An insight into a career in nursing from our gesh nurses

This International Nurses Day, meet some of the nurses working across our hospitals...


Marco, Renal Nurse at Epsom and St Helier University Hospital Trust

Tell us a bit about yourself?

I'm an Italian nurse who arrived in UK in June 2017. I started working at Epsom and St Helier University Hospital Trust as Renal Staff Nurse in March 2021, so I’ve now been employed at the Trust for more than 2 years.

What does your day-to-day look like?

My typical day on the Renal B6 ward as Band 5 nurse starts at 7.30 am and finishes at 8 pm, during this time I do all the typical nursing tasks which includes medication, dressings, and generally taking care of my patients physically but more importantly mentally and spiritually.

What made you want to become a nurse?

To explain what made me want to become a nurse, I’ll go back to what I meant by looking after patients mentally and spiritually. I've always liked to help and be available for others, so when I decided to take this pathway, it felt very natural even with the thousands of obstacles that I had to overcome.

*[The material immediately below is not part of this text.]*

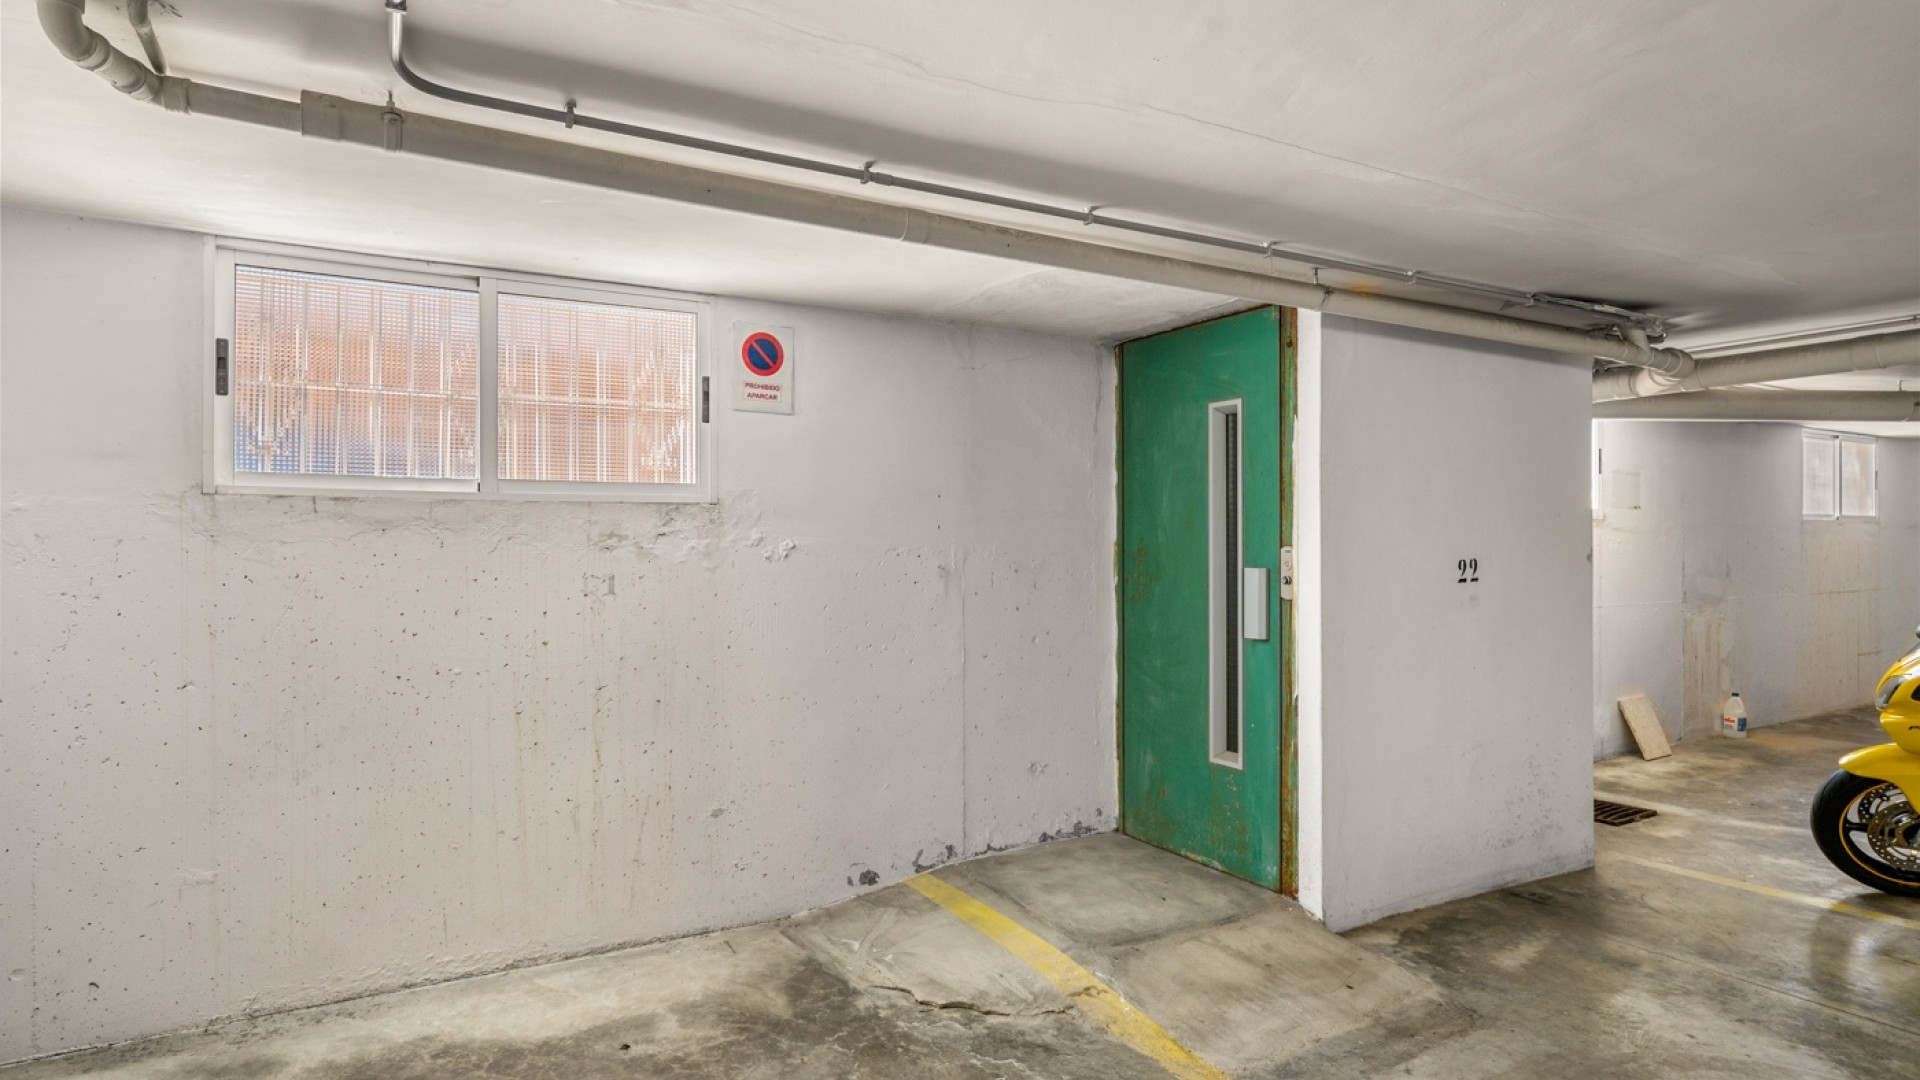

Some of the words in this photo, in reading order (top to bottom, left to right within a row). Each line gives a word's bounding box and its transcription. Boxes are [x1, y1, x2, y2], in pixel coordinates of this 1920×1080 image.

[745, 382, 780, 391] PROHIBIDO
[747, 392, 777, 400] APARCAR
[1457, 558, 1479, 583] 22

My idea of nursing is not only to treat the patients and do my job passively, but to actually try to make a difference while they are in my care. My best way to do that is to try to make them feel like they’re not in a hospital, by making them laugh and smile, and trying to let them forget they are actually sick, maintaining high professionalism standards at all times of course.

What do you like most about being a nurse?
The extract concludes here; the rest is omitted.